Let me give you another example. One of my students prepared a great mind map. On it was his objective to be a doctor; pictures of him in his surgery, degrees on the wall, rich in sensory language all very real. Later in the year, all the students organise their work experience, and this boy, not surprisingly, wants to do his with a doctor. Not any doctor, but a surgeon. He was told it was out of the question. The hospital could take him in the garden, the kitchen, the maintenance team, but nothing like what he wanted. Everything the boy heard was steering him away from his target, so he made an appointment with a surgeon, took his mind map and showed him. The boy’s commitment and explanation of self-image impressed the surgeon, so he agreed on the condition that if the patient did not consent, he had to absent himself. No patient made that call so the boy became the surgeon’s shadow for a week, with patients, hospital rounds and in the operating theatre.
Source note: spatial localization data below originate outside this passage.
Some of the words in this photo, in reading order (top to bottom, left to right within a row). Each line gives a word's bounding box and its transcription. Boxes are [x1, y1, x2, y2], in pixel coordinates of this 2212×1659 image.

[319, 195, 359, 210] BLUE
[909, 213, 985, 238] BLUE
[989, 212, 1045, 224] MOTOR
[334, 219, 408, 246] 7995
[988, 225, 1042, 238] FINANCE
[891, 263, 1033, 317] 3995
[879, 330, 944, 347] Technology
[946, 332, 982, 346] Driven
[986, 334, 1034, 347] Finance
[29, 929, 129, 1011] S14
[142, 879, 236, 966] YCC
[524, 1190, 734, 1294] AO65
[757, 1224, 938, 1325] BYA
He even observed a caesarean birth.
Some time later his mother told me he had bought a stethoscope on e-bay. “He wears it around the house, he finds it hard to watch TV now, the stethoscope won’t let him!” “It directs him to his study desk instead” she said. I said I would love a photo and soon after my inbox had a message with ‘The importance of symbolism’ in the subject line:
Not only symbolism, but the mental exercise of already being a doctor. I think you will feel as I do that his subconscious contained an expectation seeking fulfilment in the environment. Not only that, but he has a pattern, a neural element/self-image that he is emotionally committed to, a pattern that during his dream state will be preserved, and next morning his target will still be intact. Oh, you ask about the photo:
© Joshua Saunders 2005 Used with permission
He sent me a message recently to say that on a busy shift at Monash he lost his stethoscope, and remembered the one he kept in his drawer, the ebay one. “It had come the full circle” he said. Joshua is now a GP at a busy medical clinic in rural Victoria.
There are many ways to explain how a girl becomes an activist and anthropologist; a boy raised in poverty becomes a writer and philanthropist; and a schoolboy with a stethoscope becomes a doctor. I am not suggesting reading books, making a life plan after a near-death incident, or preparing a mind map as I have described, brings in its wake a life of remarkable good-fortune. Nor am I proposing that a mantra such as: Where the attention goes, the energy flows, will create a future of health, wealth and happiness.
What I am suggesting, is that, if we make sense of everything we see, hear, taste, smell and feel by matching it with a neural element (pattern) already on file, and we have some understanding of how these patterns are formed and preserved, then it follows that any process that adds life-enhancing ones to the repertoire, is worth consideration.